Which elegance one liners are funny enough to crack down and make fun with elegance? I can suggest the ones about and .

  1. What do you call an elephant in a dress? Elegant
  2. What do you call a courteous elephant? An Elegant.
  3. Women Are Like Snowflakes ... beautiful, unique, elegant, and deadly on the road.
  4. An elegant man call the mailman the other day. This double oval shape o**...

Elegance Funny Jokes And Hilarious Puns.

What funny jokes about elegance you can tell and make people laugh?

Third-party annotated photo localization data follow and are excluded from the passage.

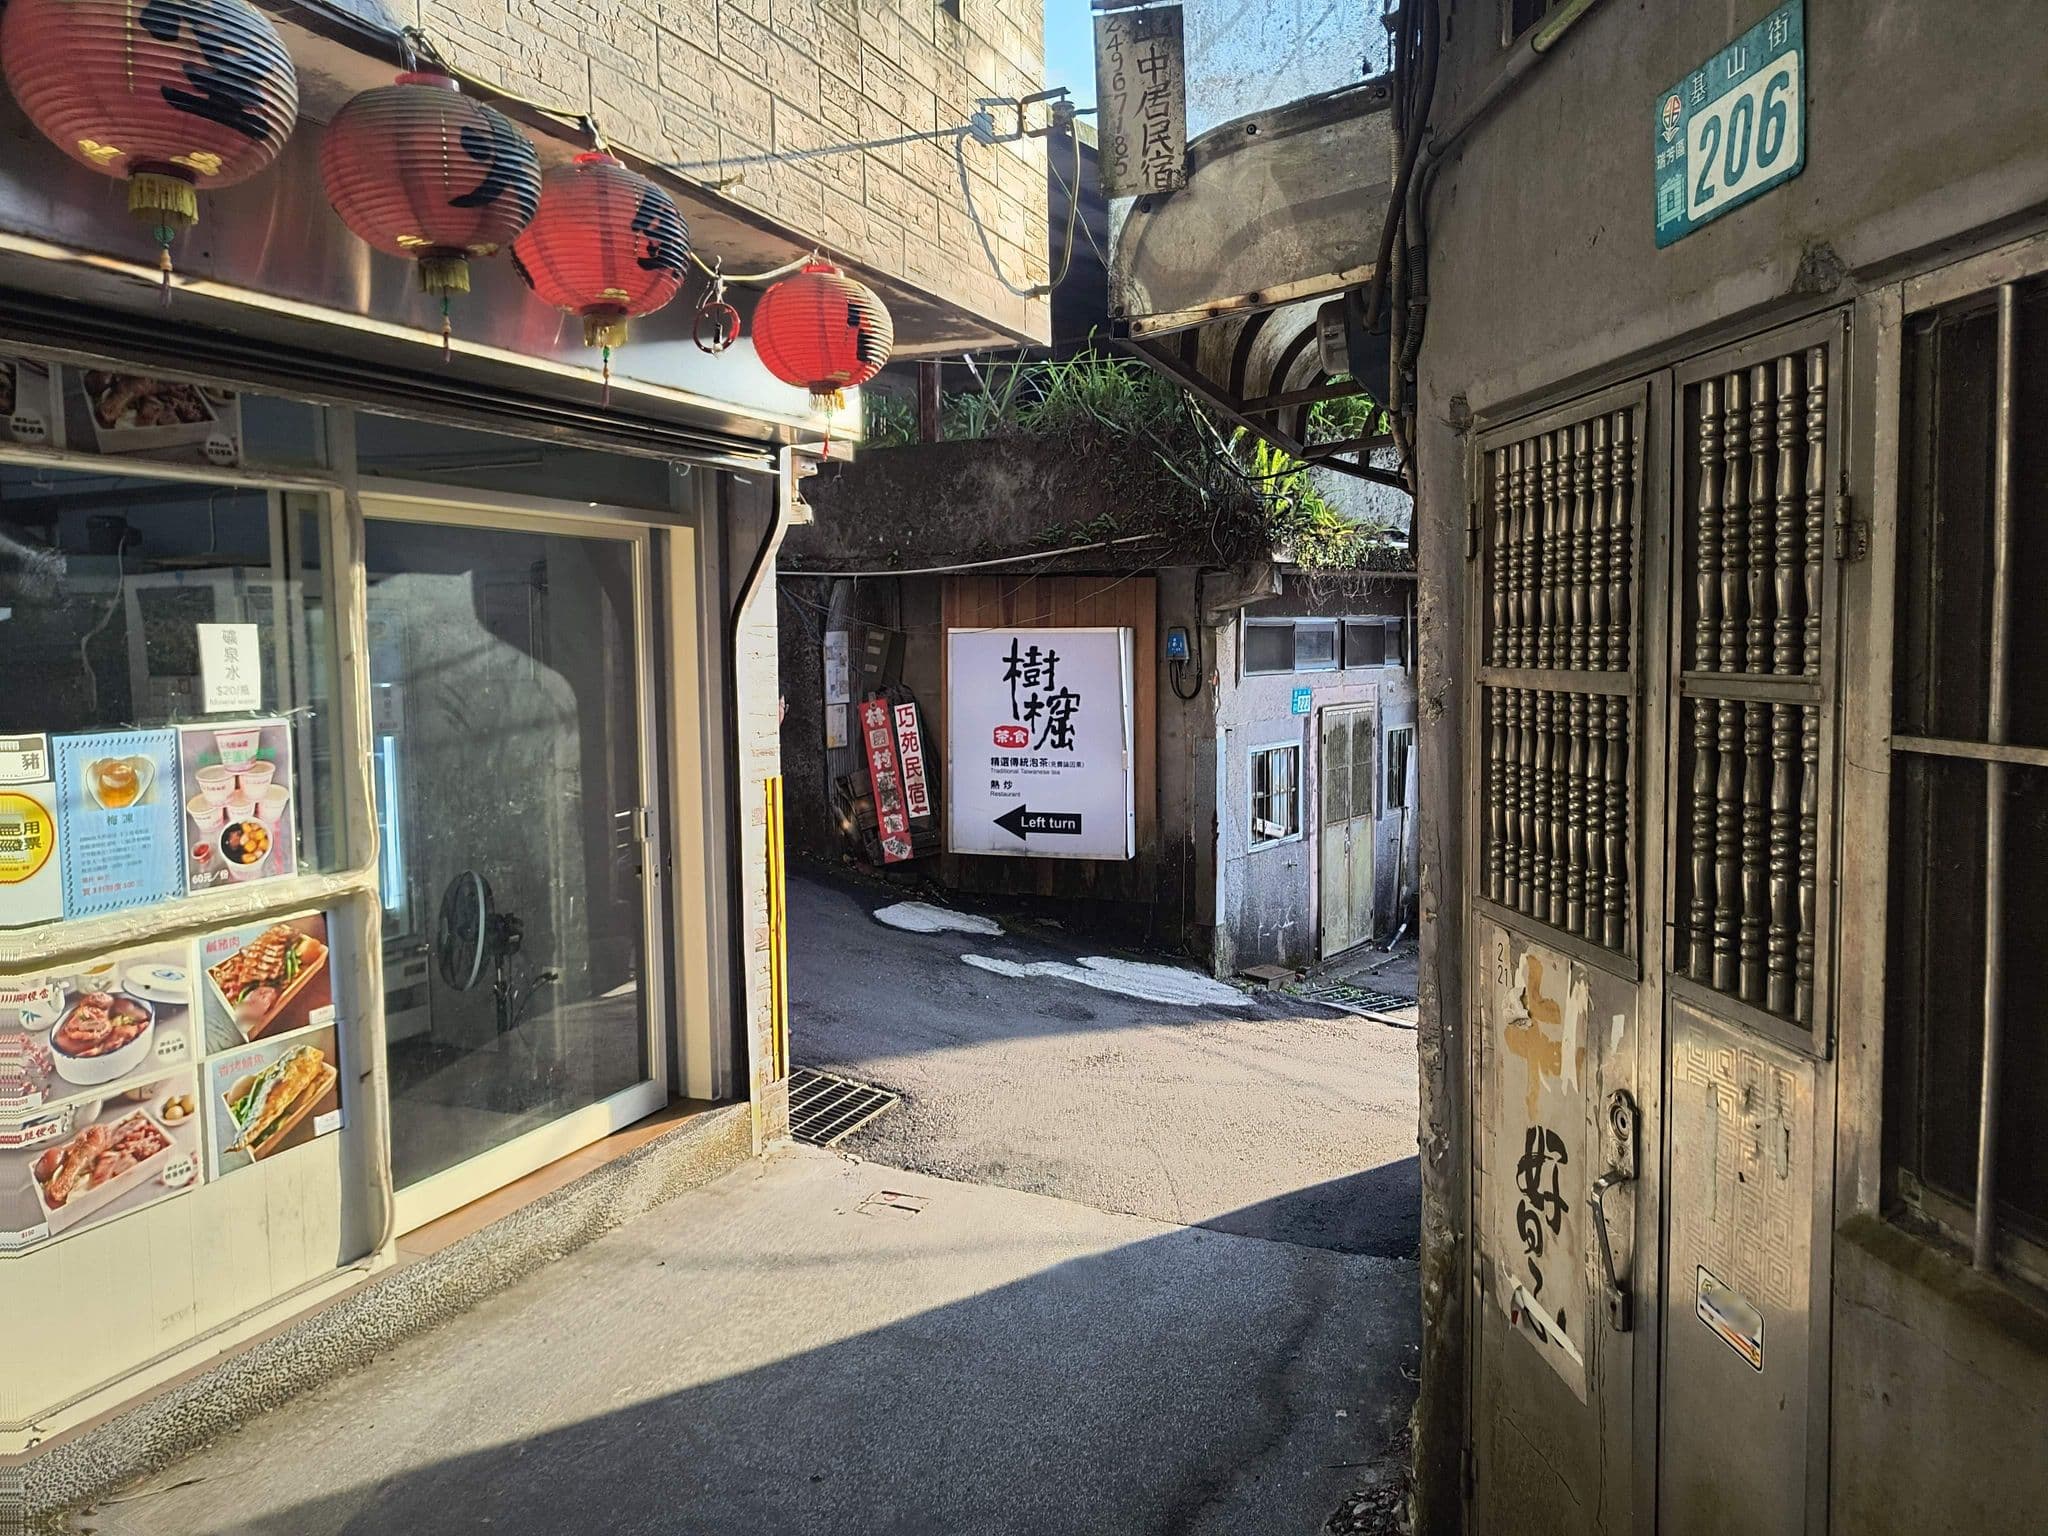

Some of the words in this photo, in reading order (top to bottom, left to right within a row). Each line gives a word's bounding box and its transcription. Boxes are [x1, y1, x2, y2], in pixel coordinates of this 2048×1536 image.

[1691, 12, 1789, 106] 基山街
[1656, 138, 1686, 170] 瑞芳區
[1694, 70, 1790, 208] 206
[895, 706, 925, 805] 巧苑民宿
[1021, 816, 1046, 829] Left
[1049, 817, 1076, 830] turn

An example I can give is a clean jokes that will for sure put a smile on everyones mouth and help you make elegance pranks.

Wife: "How would you describe me?" Husband Says..

Wife: "How would you describe me?"
Husband: "ABCDEFGHIJK."
Wife: "What does that mean?"
Husband: "Adorable, beautiful, cute, delightful, elegant, fashionable, gorgeous, and hot."
Wife: "Aw, thank you, but what about IJK?"
Husband: "I'm just kidding!"

An Englishman, a Frenchman and a Russian...

...are in The Louvre, looking at a painting of Adam and Eve.
"Behold!" says the Englishman. "Their resolve in adversity. Their stoicism. They must be English!".
"Nonsense!" cries the Frenchman. "Look at them. They are elegant. They are poised. They are beautiful. Surely they must be French?".
The Russian is quiet for a moment. Then he speaks.
"They have no clothes. They have no shelter. They have only apple to eat between them and are being told this is paradise.
They are Russian".

A snail walks into a car dealership...

A snail walks into a car dealership. The snail wants something fast, elegant, and luxurious, after browsing multiple brands he decides on one.
The rich snail pays in cash and walks up to the dealerships salesman and says "I want you to paint big S's all along this car, big S's on the front, the sides, the back, the top, big S's everywhere. The auto body guy tells him he can do it, but can't help but ask the snail why he wants big S's all over the car.
So the snail answers him "It's simple: When I launch past people on the highway they will say Look at that S car go!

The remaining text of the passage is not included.